Thinking Activity: Hamlet and To His Coy Mistress



HAMLET

AND

TO HIS COY MISTRESS




Introduction

This blog post is my reflection of studying Cultural Studies with reference to some texts and putting Cultural studies in practice. Here is a discussion of two major references-

Hamlet
To his Coy Mistress

Source-  Dilip Barad sir's Quiz Form

1. If these two characters were marginalized in Hamlet, they are even more so in Stoppard's handling. If Shakespeare marginalized the powerless in his own version of Rosencrantz and Guildenstern, Stoppard has marginalized us all in an era when - in the eyes of some - all of us are caught up in forces beyond our control.



Marginalization with a Vengeance

The critics/theorists of Cultural Studies observes Shakespeare’s play “Hamlet” or Tom Stoppard’s play “Rosencrantz and Guildenstern are dead” from a perspective of protesting against the power that is Hamlet. The marginalization is the vengeance. It is revenge on power or pro-power identities. The reading of both the text seems to be a high tone of revenge of the marginalized against the powerful politics of authority.

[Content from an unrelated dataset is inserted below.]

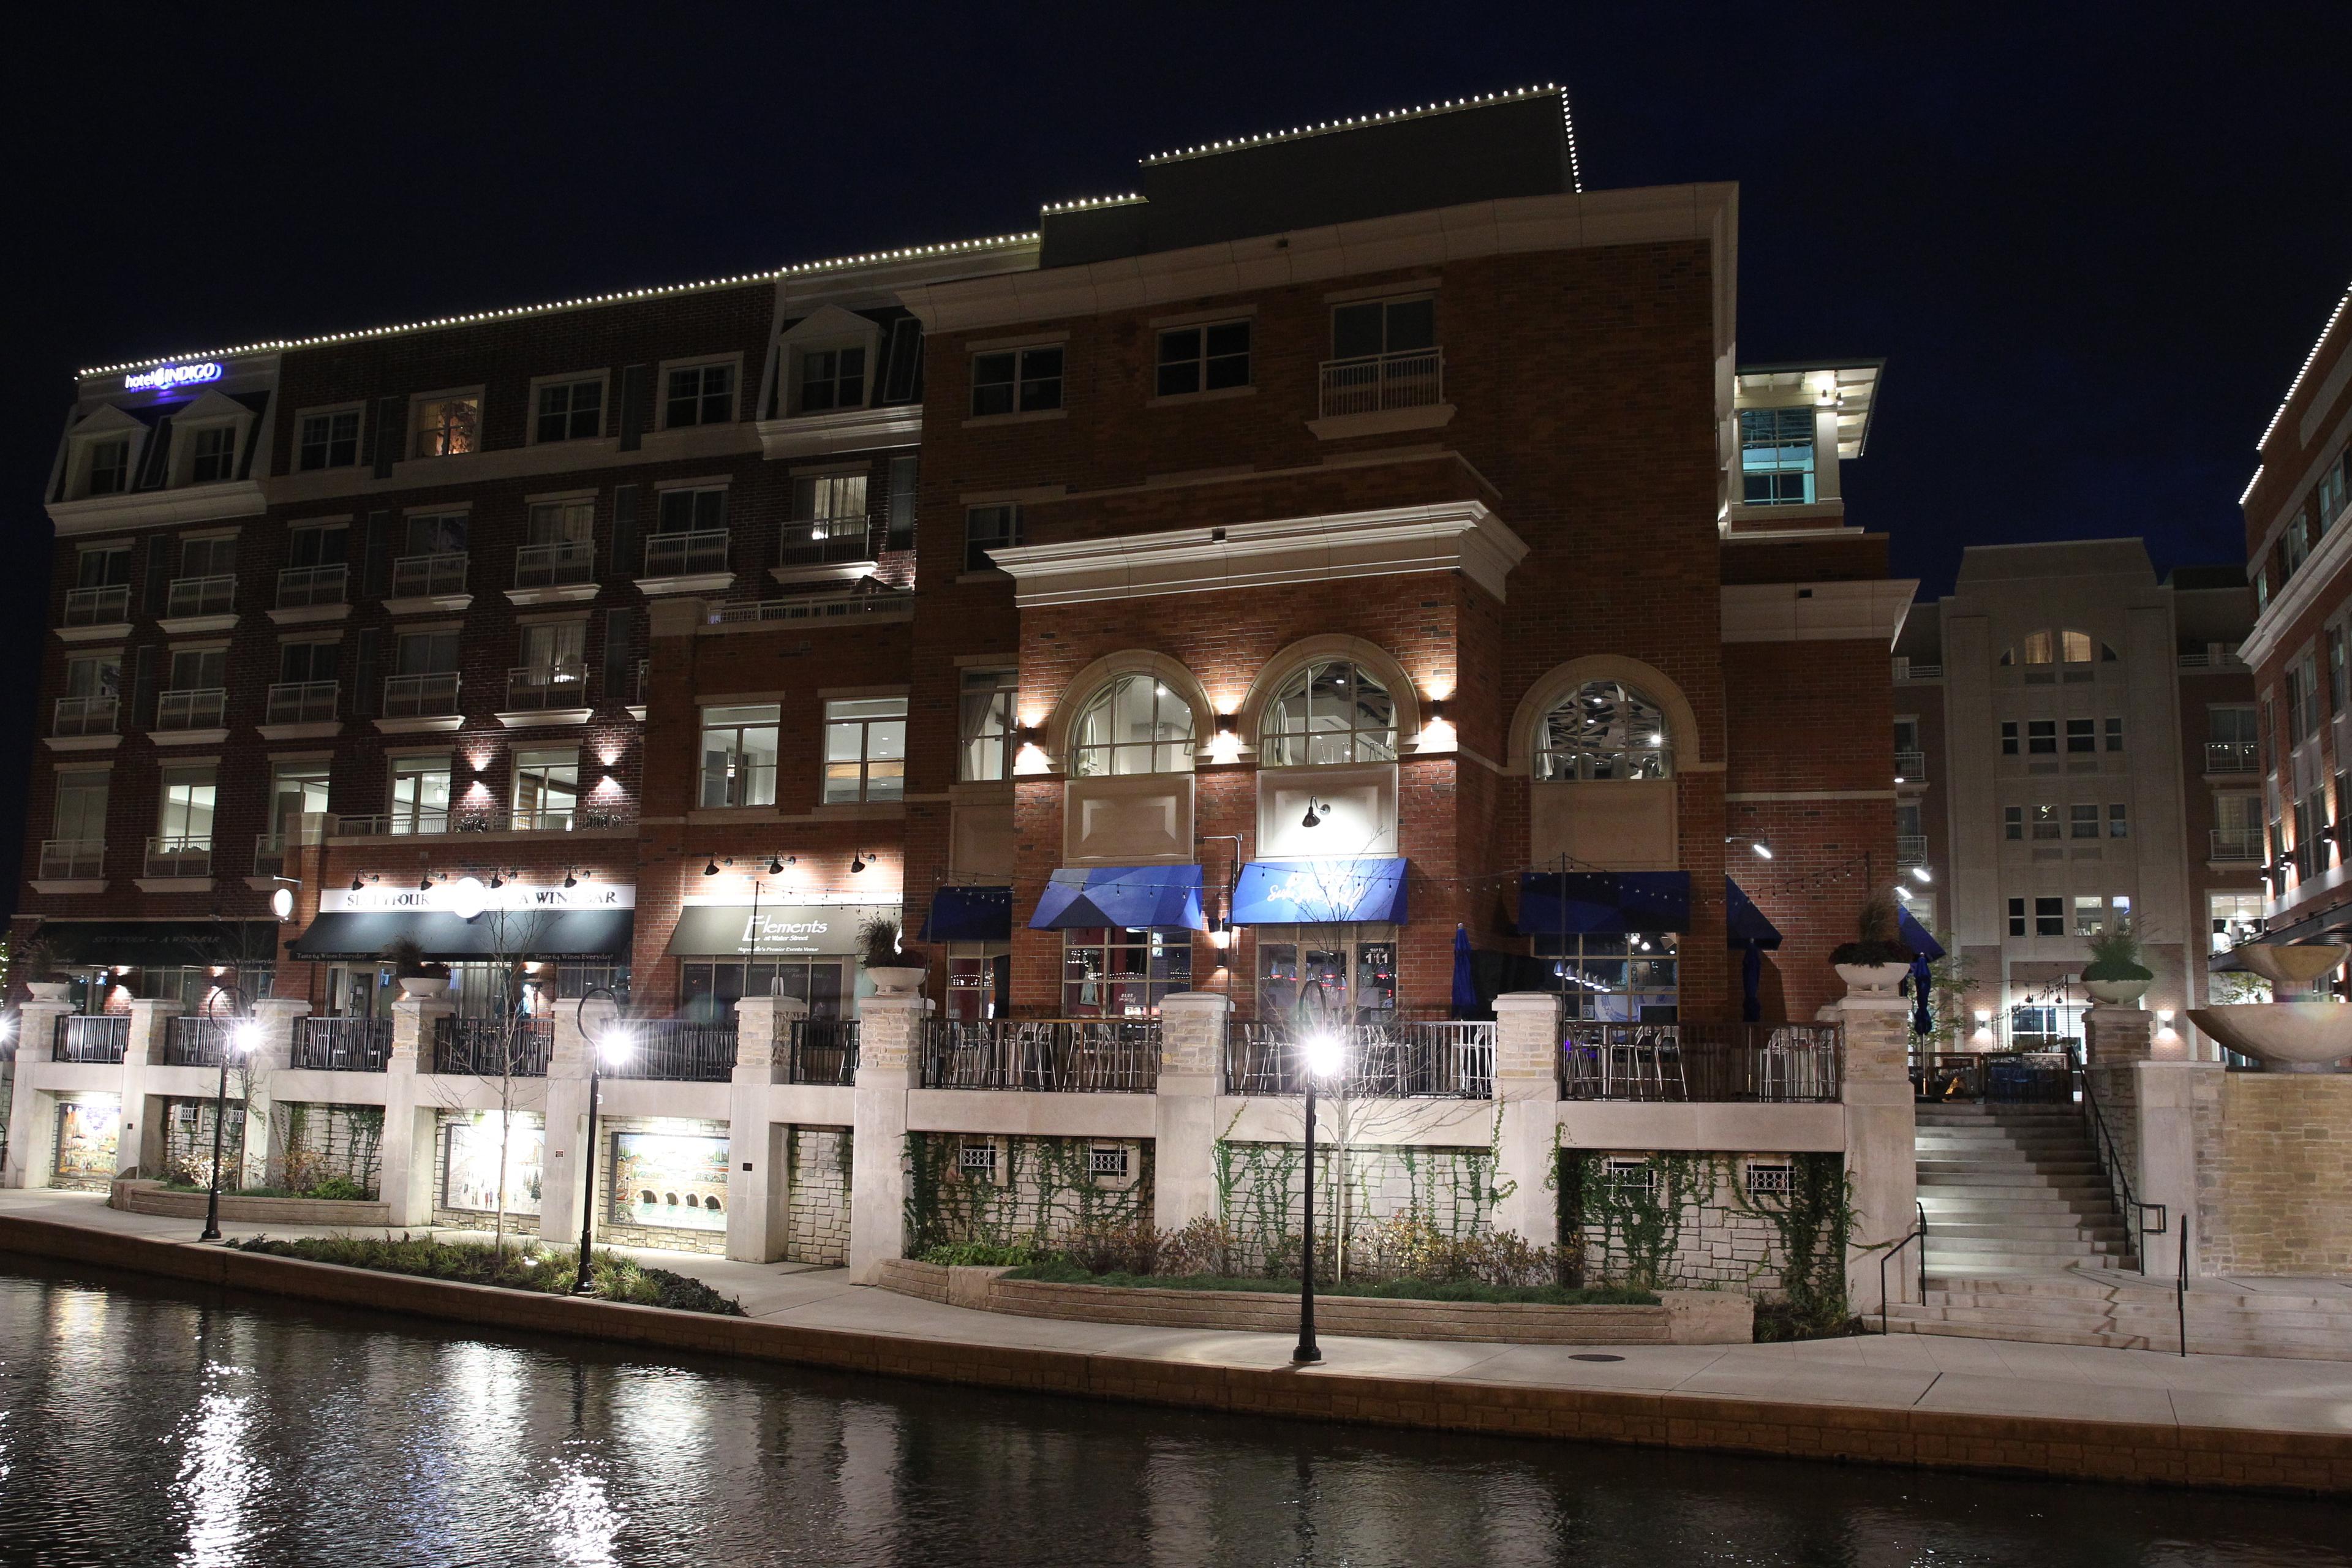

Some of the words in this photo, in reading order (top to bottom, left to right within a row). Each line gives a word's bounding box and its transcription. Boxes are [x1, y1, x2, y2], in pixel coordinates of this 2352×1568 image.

This again can be viewed from the ‘center versus periphery angle’ which from cultural studies’ point of view observes as if the periphery is taking revenge for their marginalization or their suppression against the center. The larger narrative of both the text can be connected with the contemporary reading of power. The retellings of the suppressed identities or marginalized characters from myth can be associated with this discipline.

As for example,

The retelling of the story of Friday of ‘Robinson Crusoe’ in ‘Foe’ can be viewed or assumed as a part of marginalization with vengeance. The narrative seems to be vengeance on the Daniel Defoe’s perception of the British mindset.

The marginalized narrative generates scope for the peripheral narrative to view the center as a periphery. This becomes the mode of their vengeance.


2. The poem 'To His Coy Mistress' tells us a lot about the speaker, the listener and also the audience for whom it is written. But what does he not show? As he selects these rich and multifarious allusions, what does he ignore from his culture?


Implied Culture versus Historical Fact

The culture, in fact, the glorification the speaker does in the poem is totally hiding the historical fact of Europe. 

The speaker of "To His Coy Mistress" seems to be knowledgable about the poems and conventions of classical Greek and Roman Literature and about the other conventions of love poetry, such as the courtly love conventions of medieval Europe. 

The major thing to be observed is that the poet totally ignores the "old horror" which London populace faced that killed perhaps 35 million of people. The Great Plague of London, from July to October, killed 68,000 persons, and a total of 75,000 in the course of epidemic.


The reality was far more different which can be called the chronic morbidity of the population. Marvell seems to ignore the demographics and socio-economic details of his time. Also, the speaker thirsts disease and that into the future the speaker at the same time not to think about such serious condition with the Society of his time is facing. 

It can be said that the real world is thoroughly absent in the poem of Andrew Marvell. (Guerin, Labor, and Morgan)


Thank you. 

Works Cited-
Guerin, Wilfred L., et al. A Handbook of Critical Approaches to Literature. New Delhi: Oxford University Press, 2007.